Abstract
Contemporary pose estimation methods enable precise measurements of behavior via supervised deep learning with hand-labeled video frames. Although effective in many cases, the supervised approach requires extensive labeling and often produces outputs that are unreliable for downstream analyses. Here, we introduce “Lightning Pose,” an efficient pose estimation package with three algorithmic contributions. First, in addition to training on a few labeled video frames, we use many unlabeled videos and penalize the network whenever its predictions violate motion continuity, multiple-view geometry, and posture plausibility (semi-supervised learning). Second, we introduce a network architecture that resolves occlusions by predicting pose on any given frame using surrounding unlabeled frames. Third, we refine the pose predictions post-hoc by combining ensembling and Kalman smoothing. Together, these components render pose trajectories more accurate and scientifically usable. We release a cloud application that allows users to label data, train networks, and predict new videos directly from the browser.

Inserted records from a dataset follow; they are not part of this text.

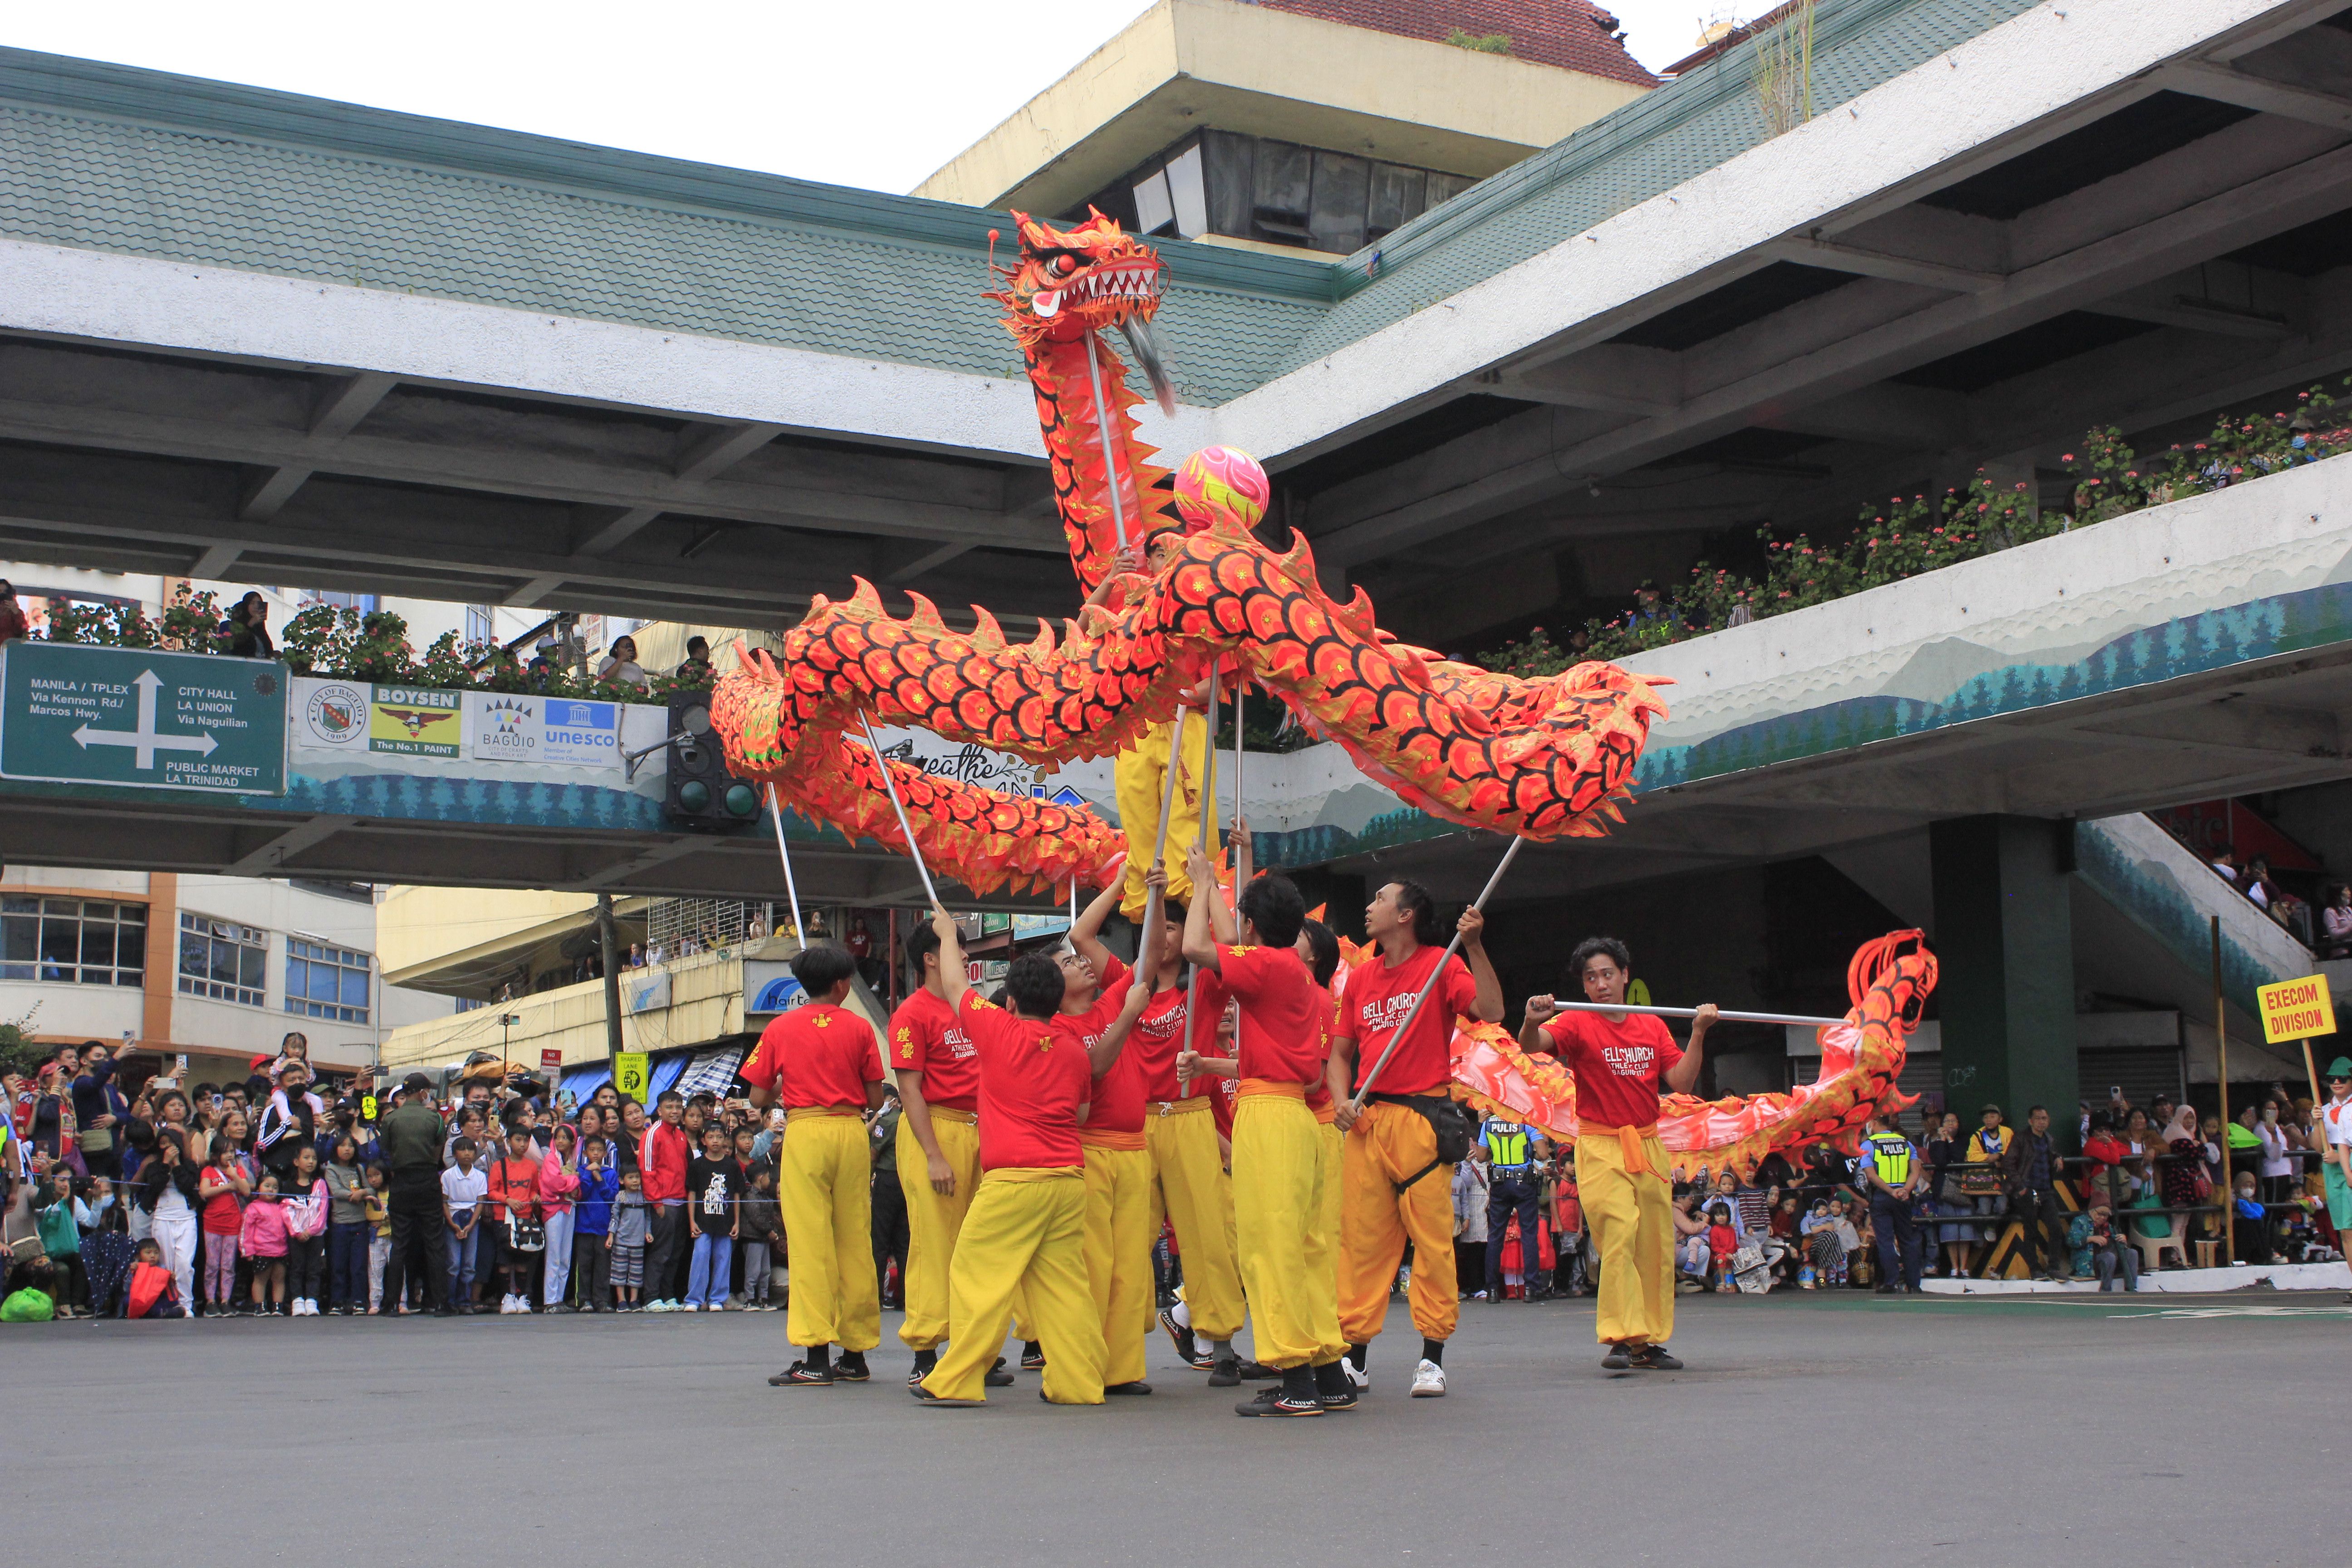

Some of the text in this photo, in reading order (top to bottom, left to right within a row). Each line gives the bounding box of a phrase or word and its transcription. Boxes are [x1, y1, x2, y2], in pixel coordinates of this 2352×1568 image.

[30, 678, 129, 695] MANILA / TPLEX
[178, 686, 237, 700] CITY HALL
[30, 692, 124, 708] Via Kennon Rd./
[310, 688, 363, 717] CITY OF BAGUIO
[378, 688, 454, 708] BOYSEN
[29, 704, 102, 720] Marcos Hwy.
[177, 701, 233, 713] LA UNION
[177, 714, 248, 728] Via Naguilian
[326, 731, 347, 740] 1909
[483, 734, 535, 748] BAGUIO
[546, 730, 615, 747] unesco
[377, 741, 394, 750] The
[424, 745, 453, 754] PAINT
[166, 761, 259, 777] PUBLIC MARKET
[165, 774, 239, 787] LA TRINIDAD
[2265, 983, 2318, 1010] EXECOM
[1363, 1000, 1384, 1020] BELL
[2271, 1009, 2323, 1035] DIVISION
[944, 1028, 962, 1045] BELL
[1166, 1029, 1178, 1038] CIT
[951, 1043, 975, 1052] ATHLETIC
[955, 1049, 975, 1058] BAGUIO
[1601, 1046, 1622, 1062] ELL
[1634, 1062, 1649, 1070] CLUB
[1221, 1078, 1237, 1093] BELL
[1491, 1123, 1518, 1133] PULIS
[1882, 1143, 1905, 1154] PULIS
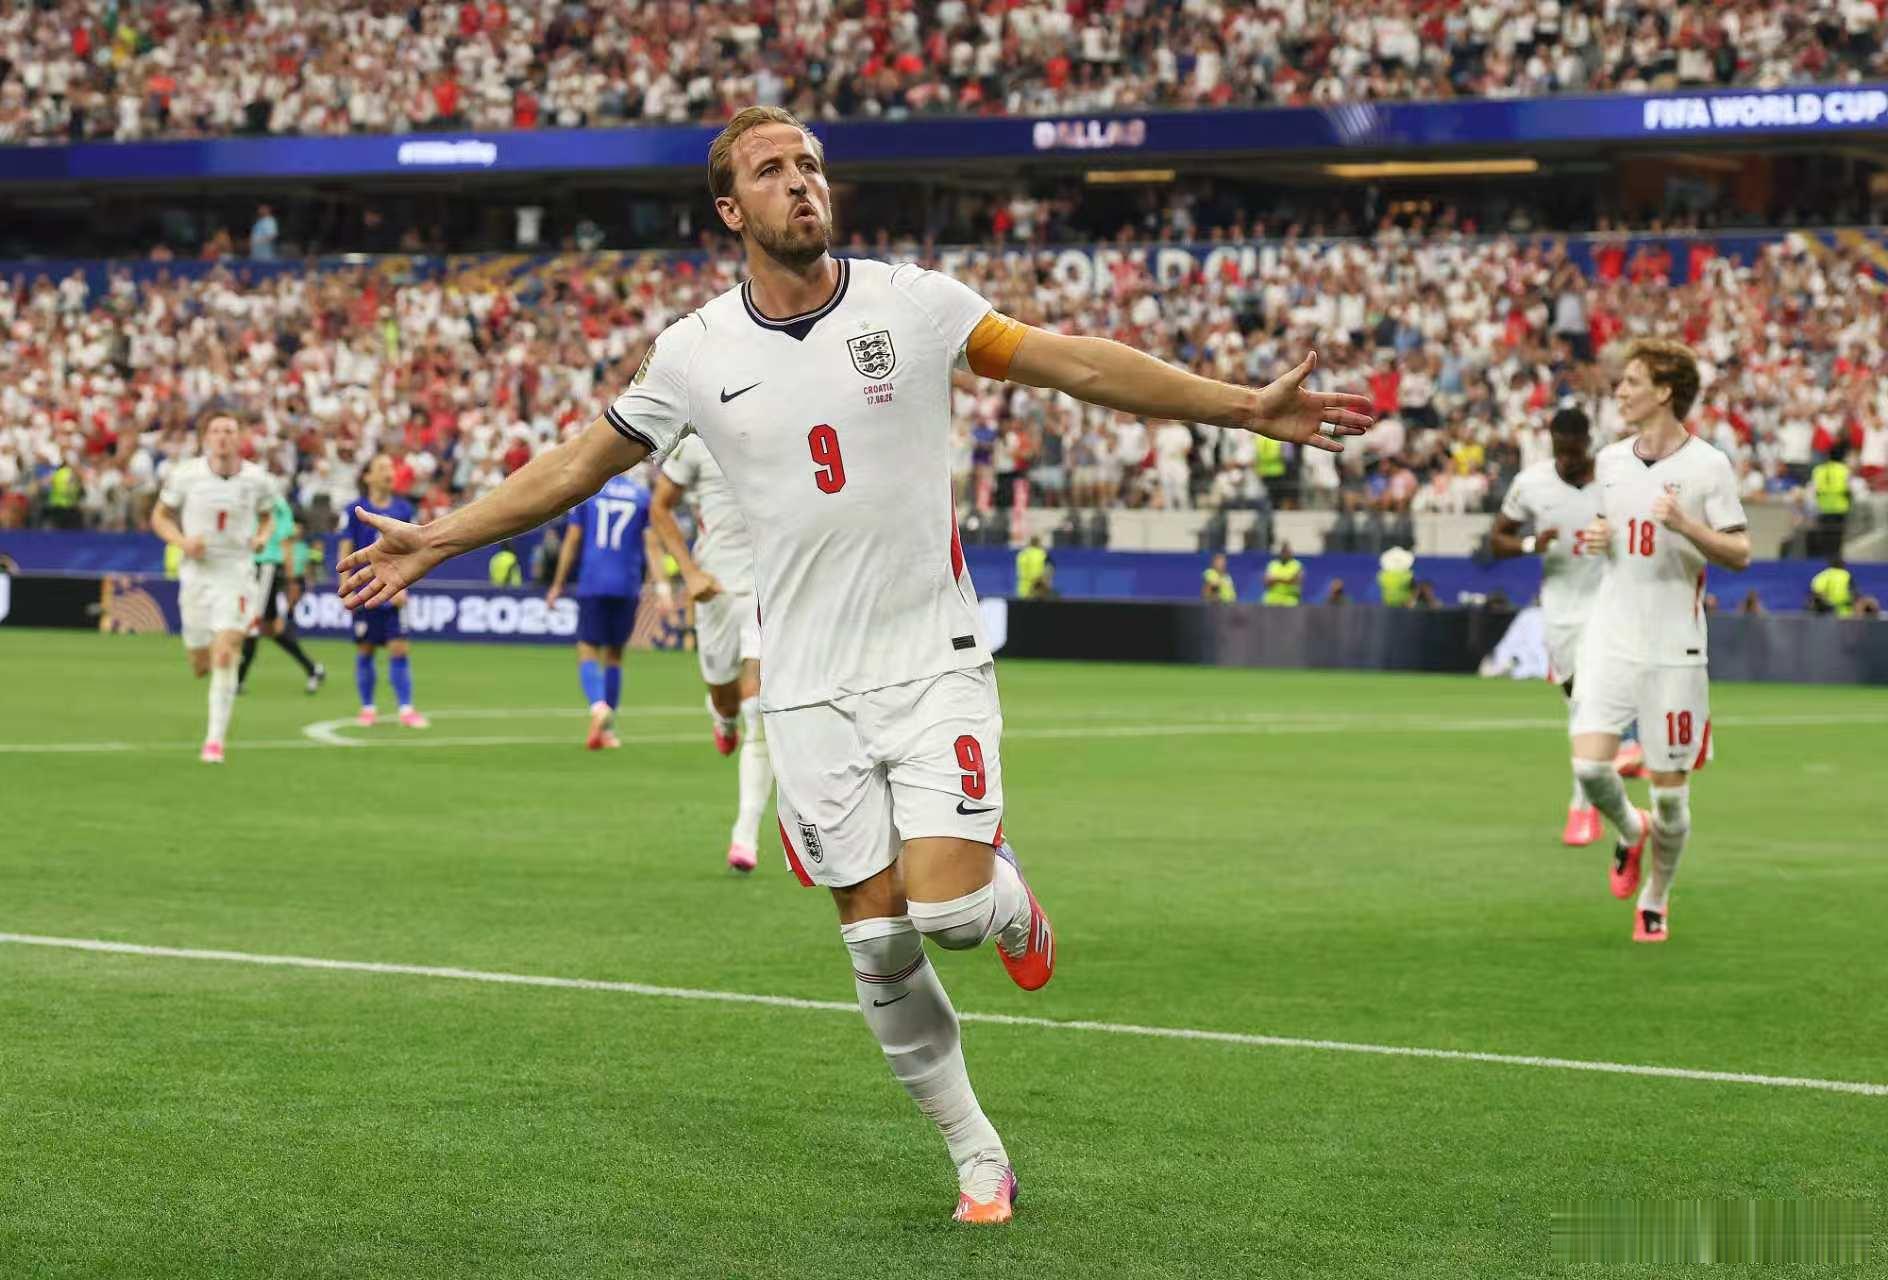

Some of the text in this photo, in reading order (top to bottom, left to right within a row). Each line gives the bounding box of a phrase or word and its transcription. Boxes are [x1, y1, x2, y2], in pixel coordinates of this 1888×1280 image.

[1643, 90, 1888, 130] FIFA WORLD CUP
[863, 382, 895, 395] CROATIA
[807, 424, 847, 494] 9
[595, 498, 636, 550] 17
[1627, 517, 1656, 557] 18
[1665, 709, 1693, 747] 18
[953, 734, 986, 800] 9
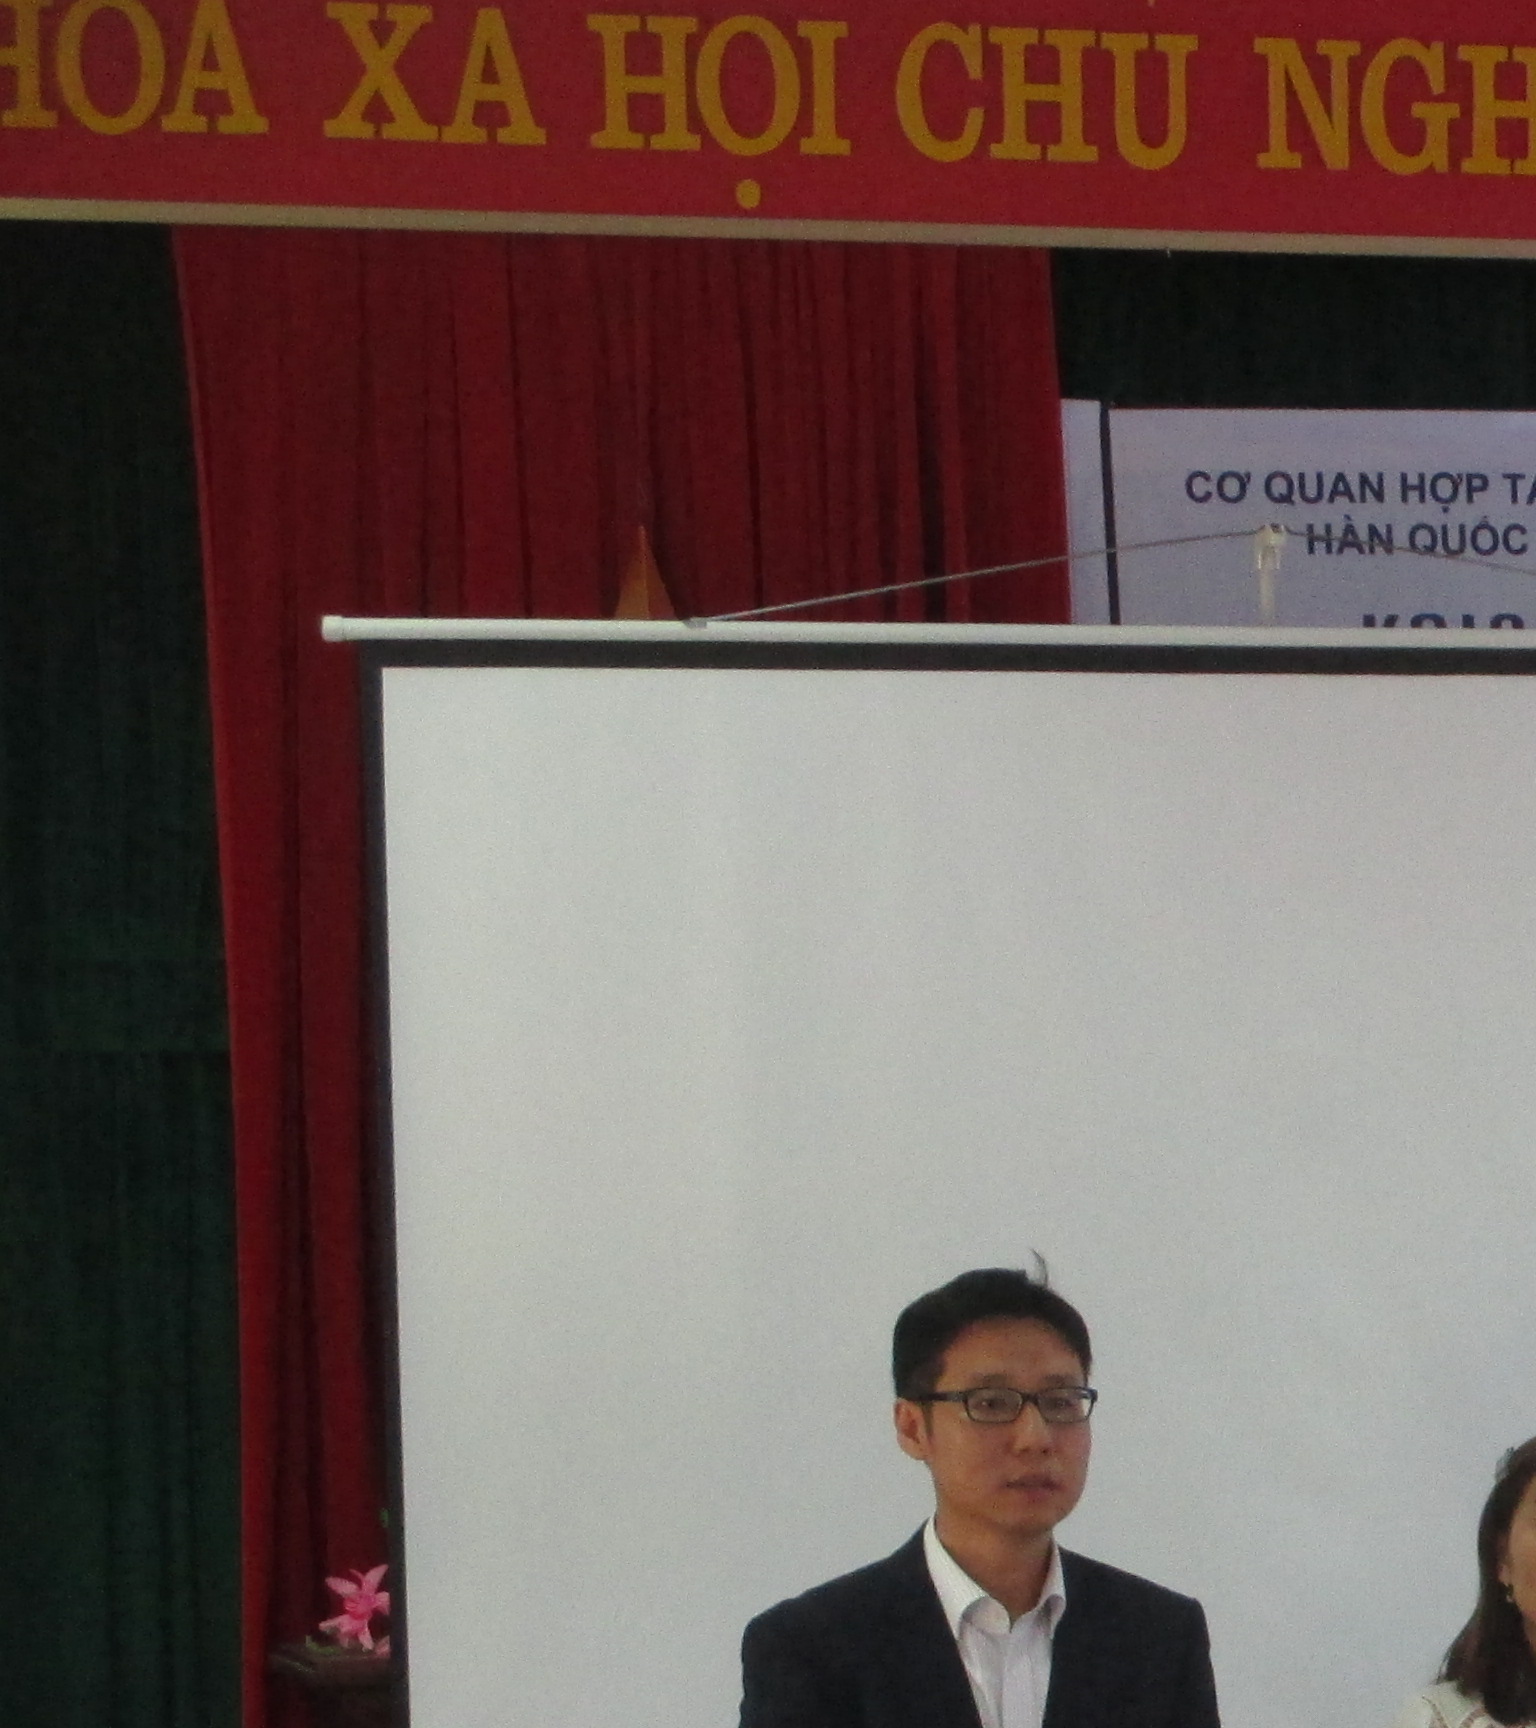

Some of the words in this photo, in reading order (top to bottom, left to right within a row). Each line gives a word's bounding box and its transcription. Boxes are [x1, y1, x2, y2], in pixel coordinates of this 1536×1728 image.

[1185, 470, 1251, 503] CƠ
[1264, 471, 1385, 505] QUAN
[1400, 470, 1489, 513] HỢP
[1306, 513, 1394, 556] HÀN

Competing Interest Statement
Robert S. Lee assisted in the initial development of the cloud application as a solution architect at Lightning AI in Spring-Summer 2022. He left the company in August 2022 and continues to hold shares. The remaining authors declare no competing interests.
Footnotes
We include a new dataset with two freely moving mice; New analyses now show performance as a function of keypoint difficulty; Released all data on FigShare; Added training and inference time benchmarking for the various models (Supp. Info); Improved the results on the "mirror-fish" dataset after correcting labeling errors; New "ablation" experiments showing which of our unsupervised losses are contributing to the improvements we report; New analyses comparing EKS to other common post-processors.